#### MATERIAL SUPPLIED ####

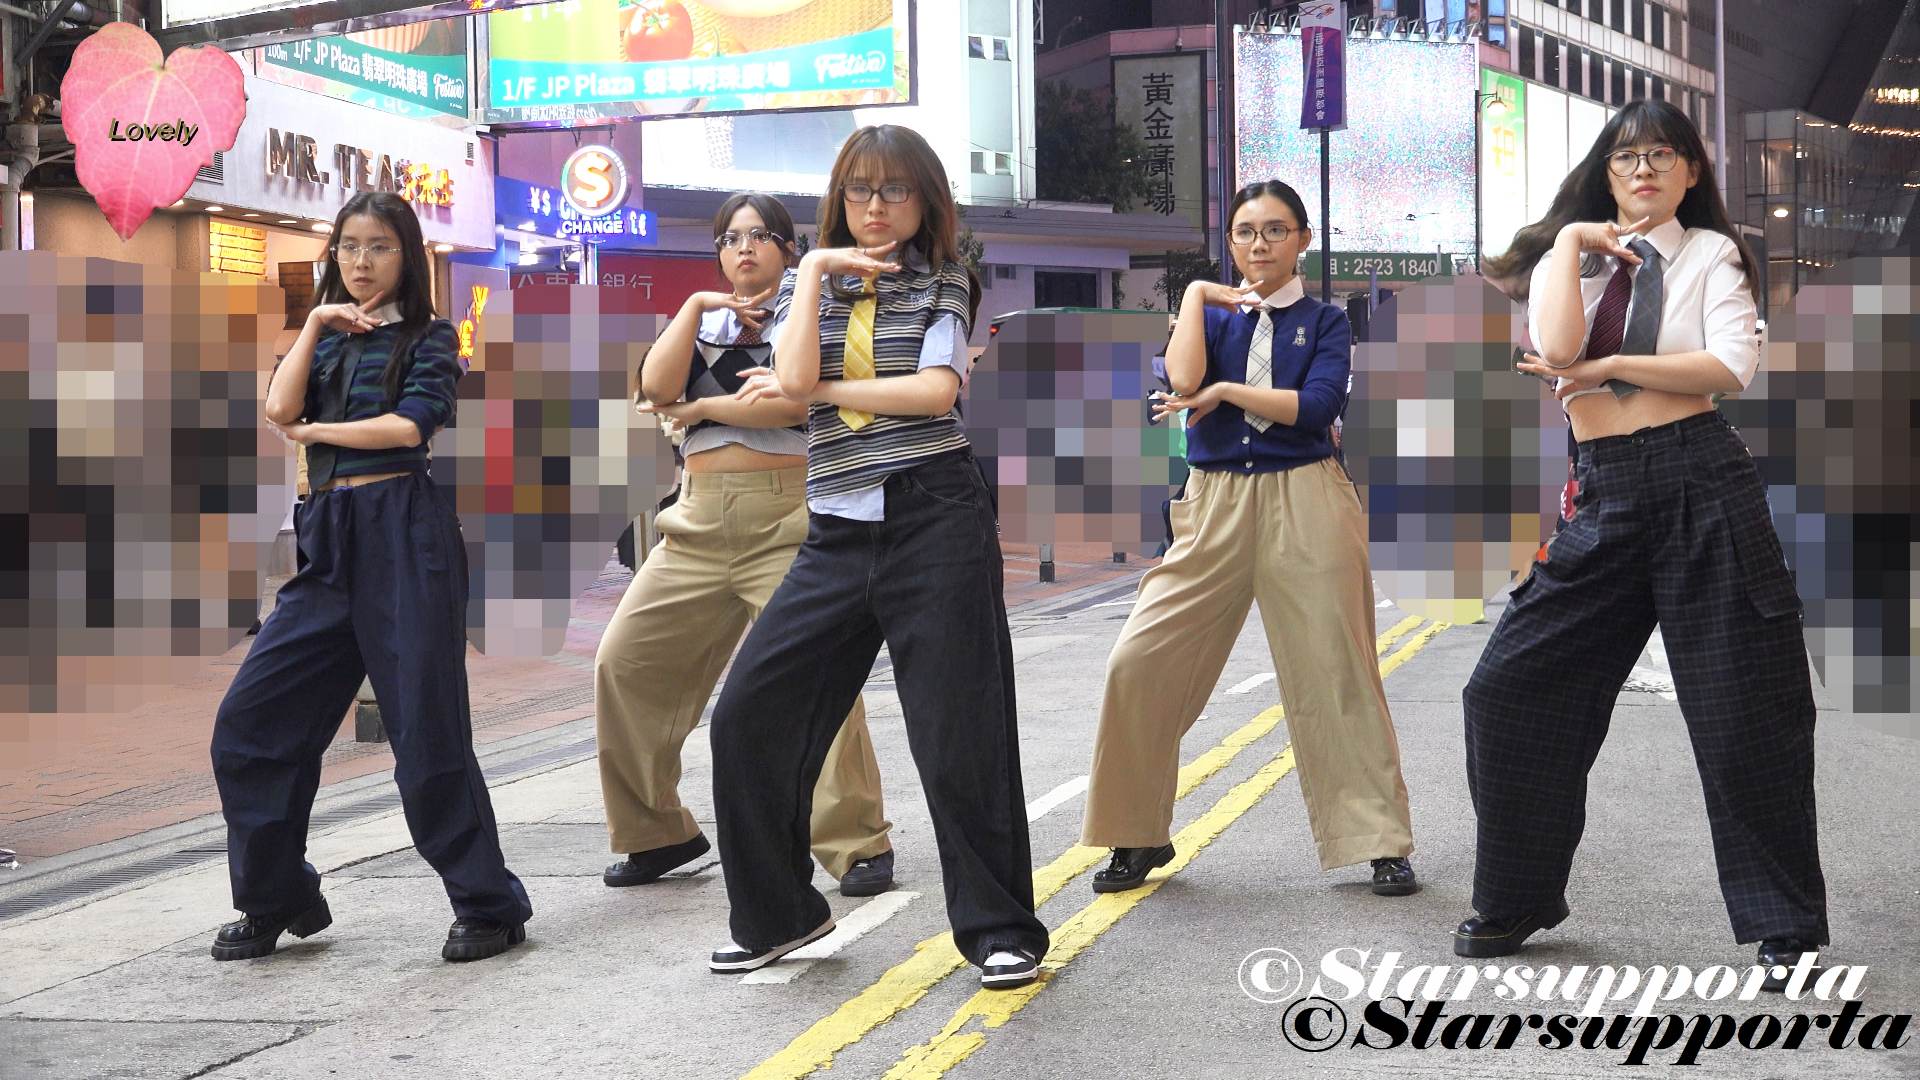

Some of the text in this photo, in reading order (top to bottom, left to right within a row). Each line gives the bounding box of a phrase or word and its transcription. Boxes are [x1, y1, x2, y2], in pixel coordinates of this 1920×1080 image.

[293, 40, 312, 65] 1/F
[313, 41, 328, 66] JP
[330, 45, 360, 76] Plaza
[502, 76, 537, 101] 1/F
[541, 74, 570, 99] JP
[574, 71, 635, 98] Plaza
[266, 127, 398, 194] MR. TEA
[561, 220, 624, 234] CHANGE
[1353, 258, 1394, 276] 2523
[1399, 259, 1438, 277] 1840

####

Retype the records above line for line and exactly, omitting their pictures.

### TASK RESPONSE
Some of the text in this photo, in reading order (top to bottom, left to right within a row). Each line gives the bounding box of a phrase or word and its transcription. Boxes are [x1, y1, x2, y2], in pixel coordinates of this 1920×1080 image.

[293, 40, 312, 65] 1/F
[313, 41, 328, 66] JP
[330, 45, 360, 76] Plaza
[502, 76, 537, 101] 1/F
[541, 74, 570, 99] JP
[574, 71, 635, 98] Plaza
[266, 127, 398, 194] MR. TEA
[561, 220, 624, 234] CHANGE
[1353, 258, 1394, 276] 2523
[1399, 259, 1438, 277] 1840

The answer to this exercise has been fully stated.